MATERIAL SHOWN:
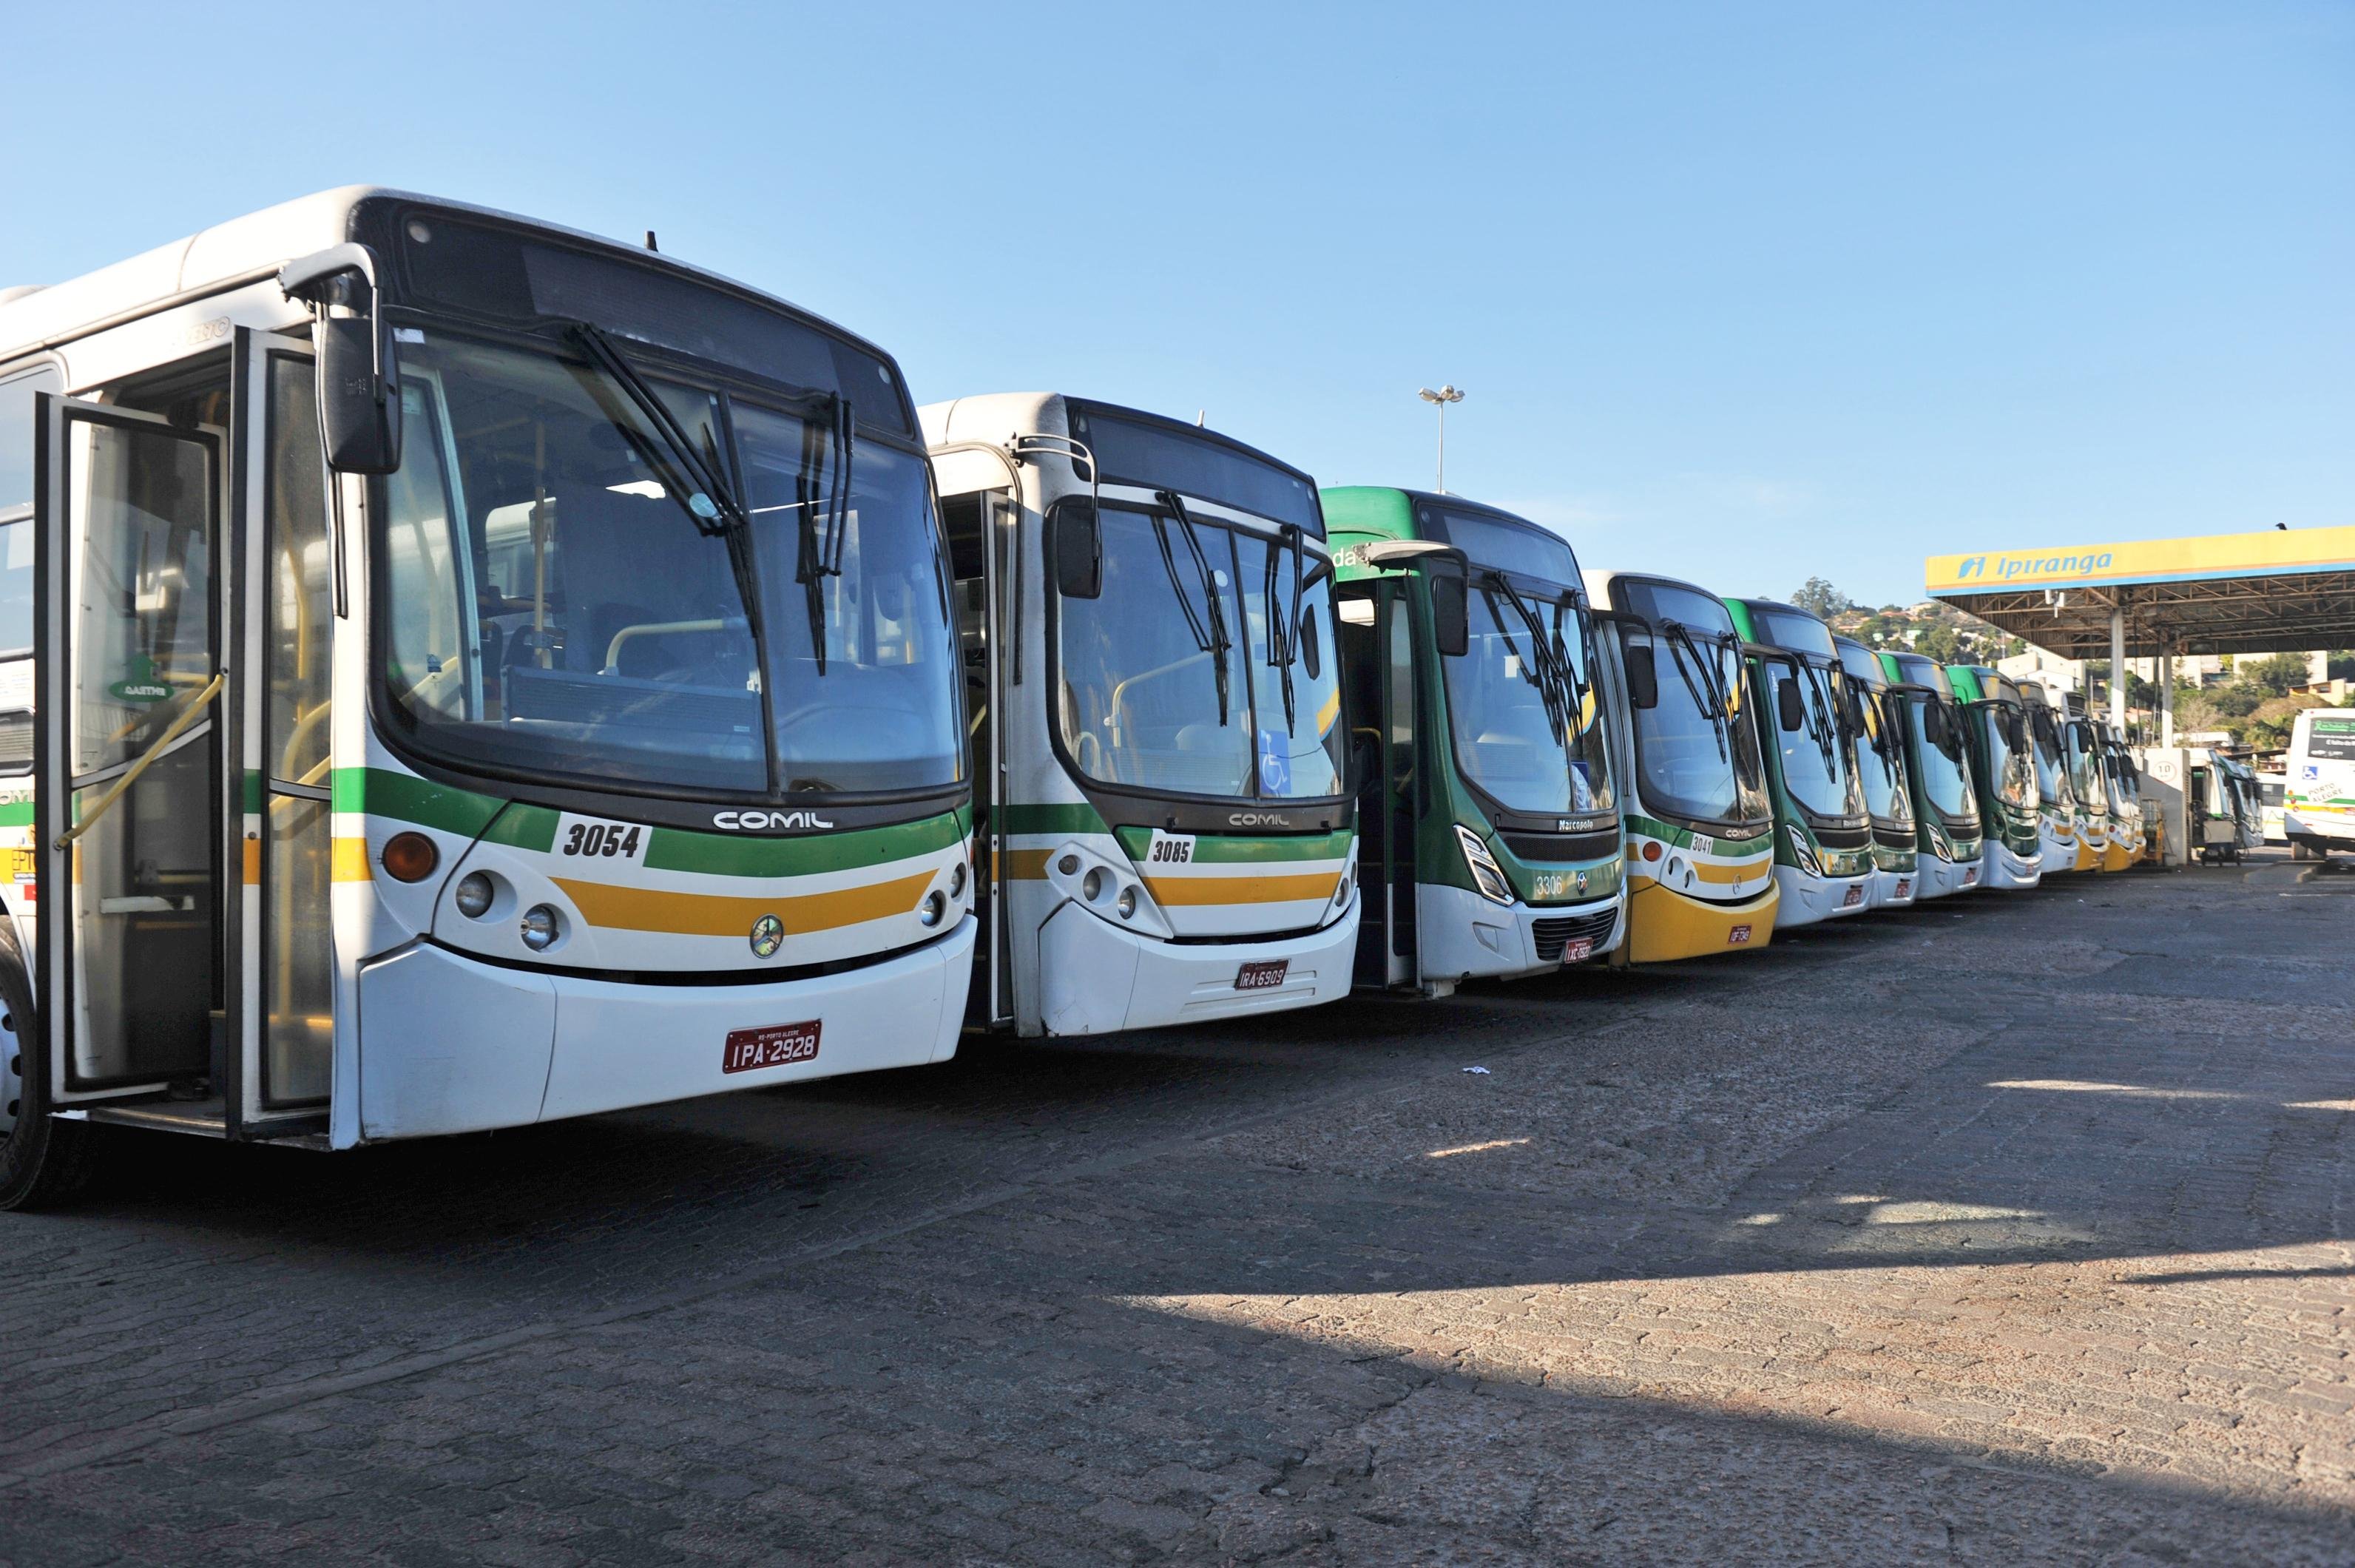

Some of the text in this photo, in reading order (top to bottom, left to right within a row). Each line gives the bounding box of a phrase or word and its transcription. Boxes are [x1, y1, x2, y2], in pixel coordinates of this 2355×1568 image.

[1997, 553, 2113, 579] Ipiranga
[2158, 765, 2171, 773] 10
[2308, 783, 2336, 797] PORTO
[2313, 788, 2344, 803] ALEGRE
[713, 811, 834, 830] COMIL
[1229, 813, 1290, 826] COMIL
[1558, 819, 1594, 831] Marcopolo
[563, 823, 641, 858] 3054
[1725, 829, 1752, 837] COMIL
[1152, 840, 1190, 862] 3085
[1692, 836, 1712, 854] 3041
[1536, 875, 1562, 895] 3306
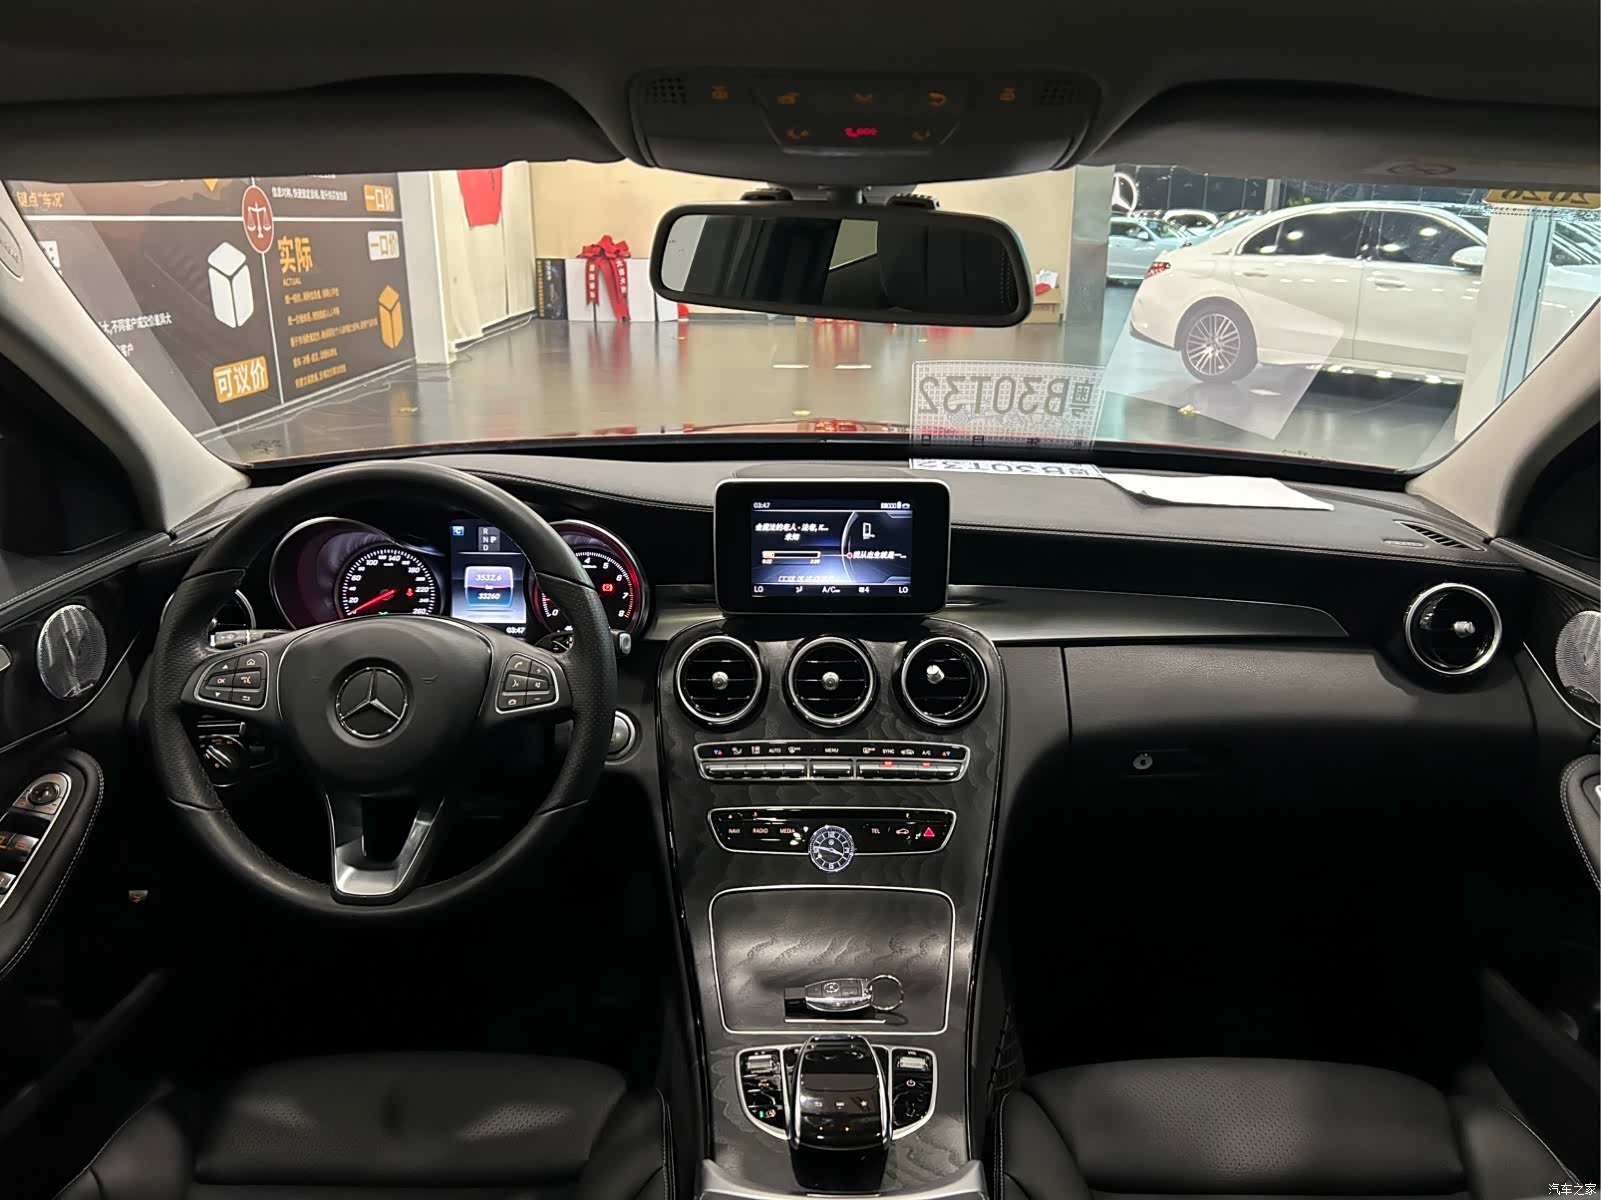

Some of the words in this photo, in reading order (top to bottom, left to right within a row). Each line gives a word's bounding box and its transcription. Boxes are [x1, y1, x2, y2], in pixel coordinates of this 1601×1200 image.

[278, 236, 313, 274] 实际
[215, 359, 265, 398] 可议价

BRIEF: Set down every entry exactly as it appears, but skip the pictures.

RESPONSE TO THE TASK:
Some of the text in this photo, in reading order (top to bottom, left to right within a row). Each line gives the bounding box of a phrase or word and its transcription. Boxes are [x1, y1, x2, y2], in pixel coordinates of this 2355×1568 image.

[1997, 553, 2113, 579] Ipiranga
[2158, 765, 2171, 773] 10
[2308, 783, 2336, 797] PORTO
[2313, 788, 2344, 803] ALEGRE
[713, 811, 834, 830] COMIL
[1229, 813, 1290, 826] COMIL
[1558, 819, 1594, 831] Marcopolo
[563, 823, 641, 858] 3054
[1725, 829, 1752, 837] COMIL
[1152, 840, 1190, 862] 3085
[1692, 836, 1712, 854] 3041
[1536, 875, 1562, 895] 3306

Some of the words in this photo, in reading order (top to bottom, left to right within a row). Each line gives a word's bounding box and its transcription. Boxes are [x1, y1, x2, y2], in pixel coordinates of this 1601×1200 image.

[278, 236, 313, 274] 实际
[215, 359, 265, 398] 可议价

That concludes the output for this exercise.